12. Bölüm (Part 2)

525 57 32
                                    


Hatırlatma;

Düz bakan zümrüt yeşili gözleri benim kararlılıkla dolu bakışlarımla buluştu. Karşımdaki kişiyi tanıyordum "Dört Prensten Natsu."

-Lucy-

Kısacık bir süre içinde olan, fakat benim utangaçlığım yüzünden daha uzun sürmüş gibi gelen zaman aralığında; beni baştan aşağı süzmüştü.

Normalde utangaç değilimdir, ama bu; biri beni süzünce yada dik dik bana bakınca değişiyor. Utangaçlıktan çok rahatsız edici oluyor diyebilirim.

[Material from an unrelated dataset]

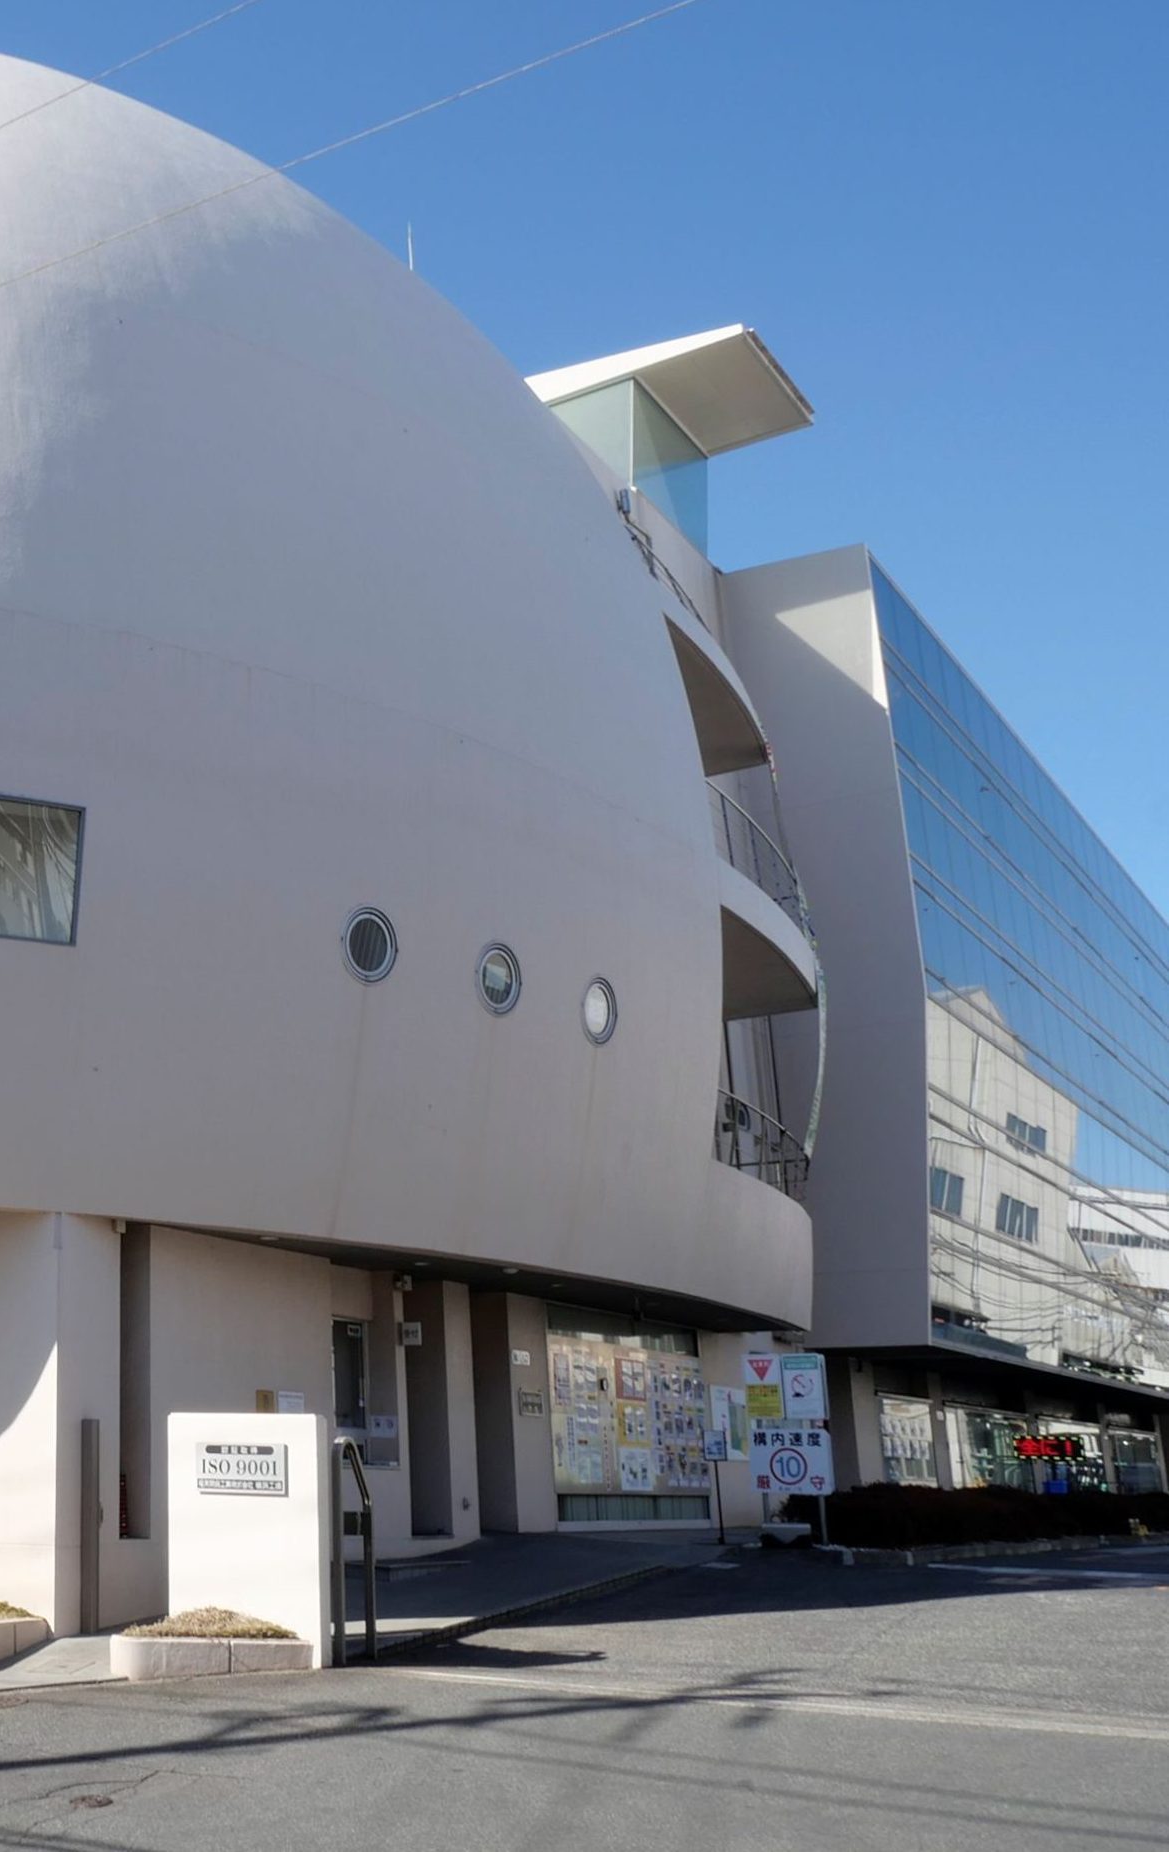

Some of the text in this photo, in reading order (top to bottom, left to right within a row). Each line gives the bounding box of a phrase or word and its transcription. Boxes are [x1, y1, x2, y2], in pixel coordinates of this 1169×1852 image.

[753, 1432, 822, 1448] 構内速度
[202, 1458, 277, 1476] ISO 9001
[776, 1456, 802, 1479] 10

Belki; karşımdaki kişinin bir prens olmasındandır, ya da sadist.

Sakura saçlı çocuk; sanki aklına bir şey gelmiş gibi irkildi ve hafif bir şaşkınlıkla dolu olan bakışlarını aniden bana çevirdi

"Sen şu; arenada kendini 28 kez ard arda kılıçlayan sonra kapanmamış dikişlerinle sonsuz göle, havada takla atarak atlayan ve orada rahatça yüzen, manyak kızsın!"

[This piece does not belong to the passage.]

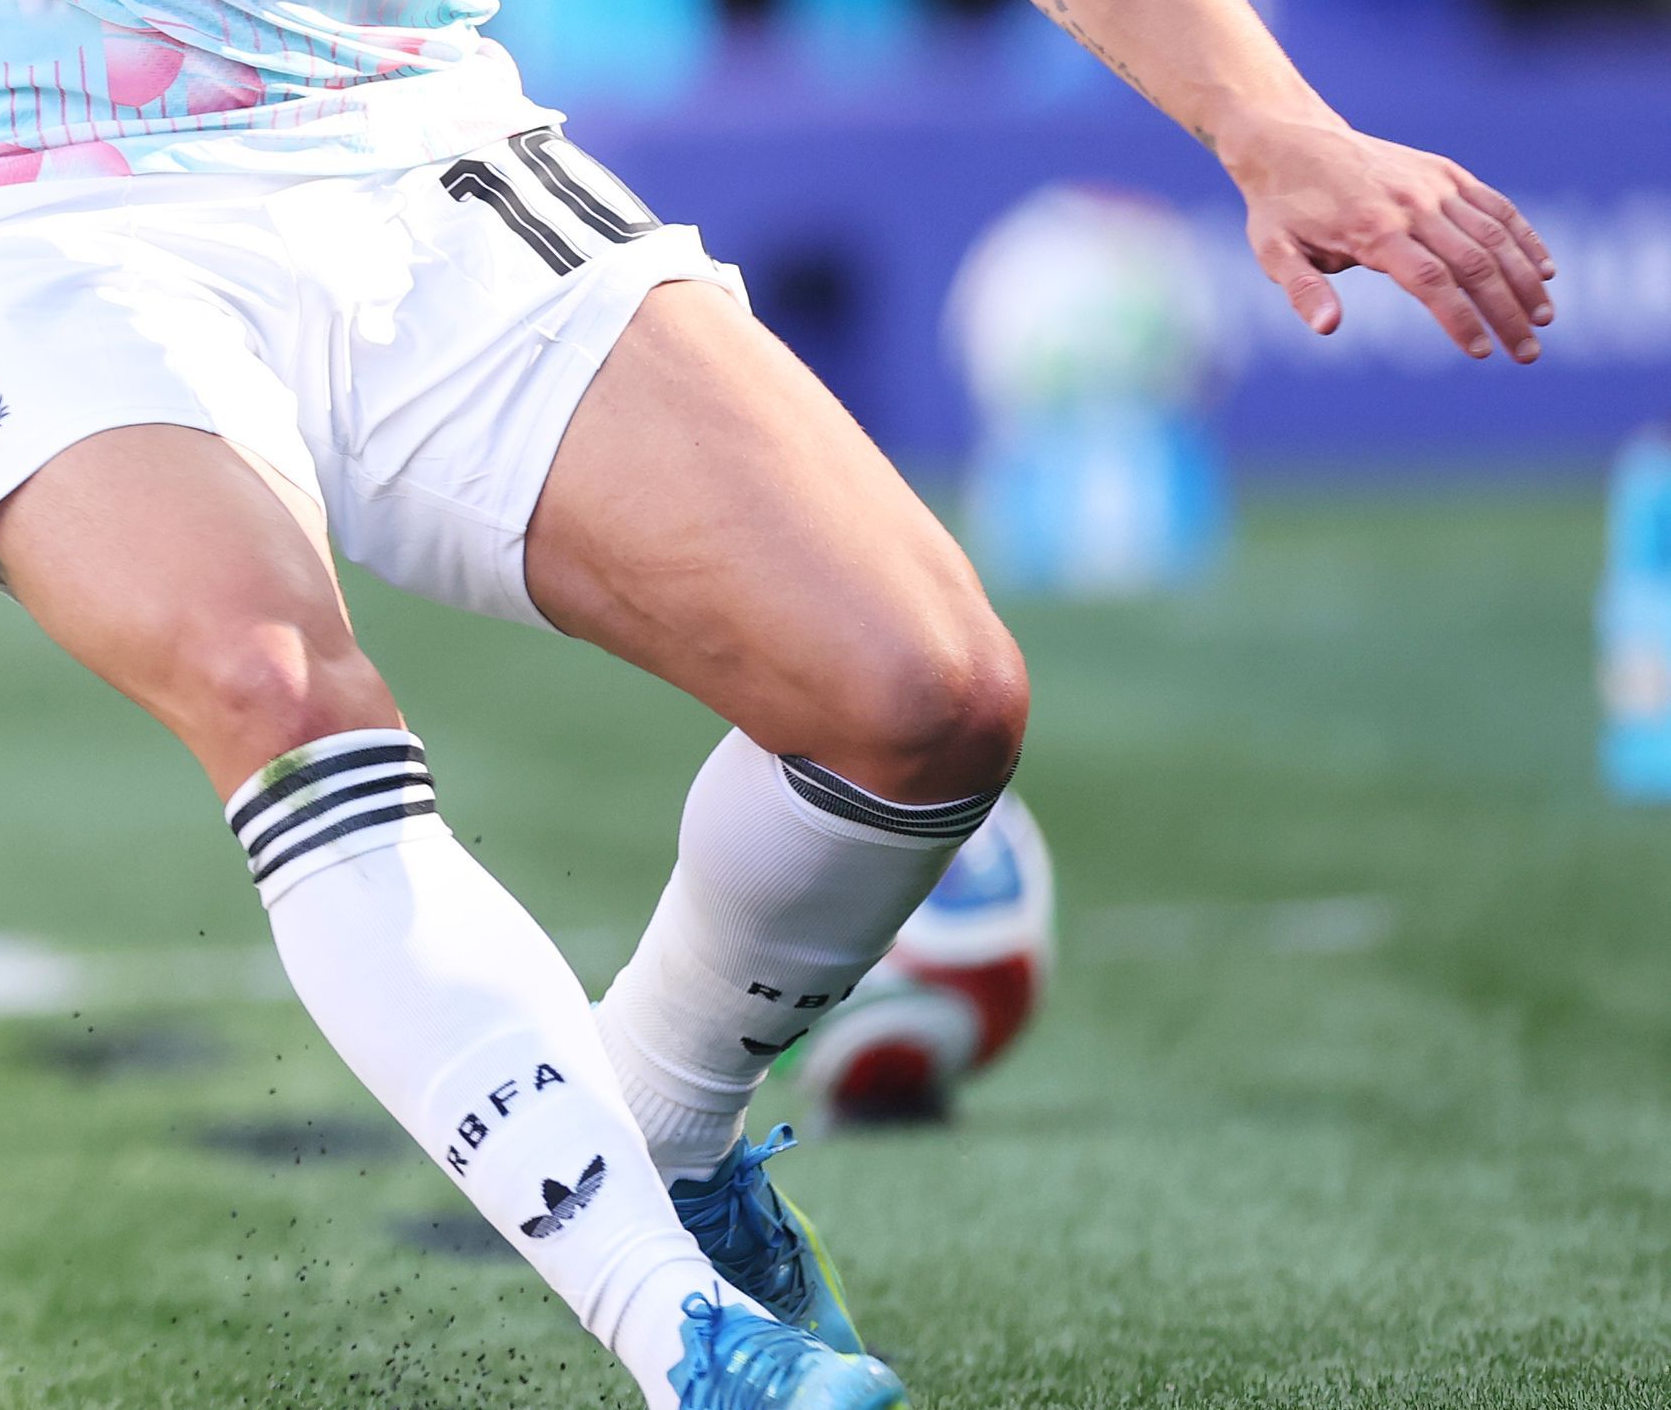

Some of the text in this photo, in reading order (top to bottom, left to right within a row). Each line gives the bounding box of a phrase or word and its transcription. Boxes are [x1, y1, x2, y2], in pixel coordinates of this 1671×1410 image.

[439, 125, 663, 277] 10
[747, 981, 858, 1009] RB
[447, 1063, 566, 1178] RBFA

İşaret parmağını, sanki ben suçluymuşum gibi bana doğrulttu ve aşağı yukarı salladı. Sen de sadistsin, ama biz birşey diyor muyuz? Elbette bunu yüksek sesle söylemedim. Pardon söyleyemedim çünkü... yemedi.

Hâla bir şey söylemediğimi fark ettim "Y-yirmi sekiz kez mi? Manyak mı? Afedersiniz beni başka bir kişiyle karıştırıyorsunuz sanırım." Dikleşti

"Kendine kılıç sapladığını mı inkâr ediyorsun? Gölde yüzdüğünü mü? Manyak olduğunu mu?" İdam edilmesi gereken mahkumların cellatı olduğunu mu inkâr ediyorsun? Bundan zevk aldığını mı? Bunu gönüllü yaptığını mı?

Yamukça güldüm "Yani evet sapladım ama 28 kez değil. Ayrıca göle takla atarak atlamadım, ayağım kaydı ve düştüm." Araya hemşire girdi "Efendim, ben izninizle gideyim."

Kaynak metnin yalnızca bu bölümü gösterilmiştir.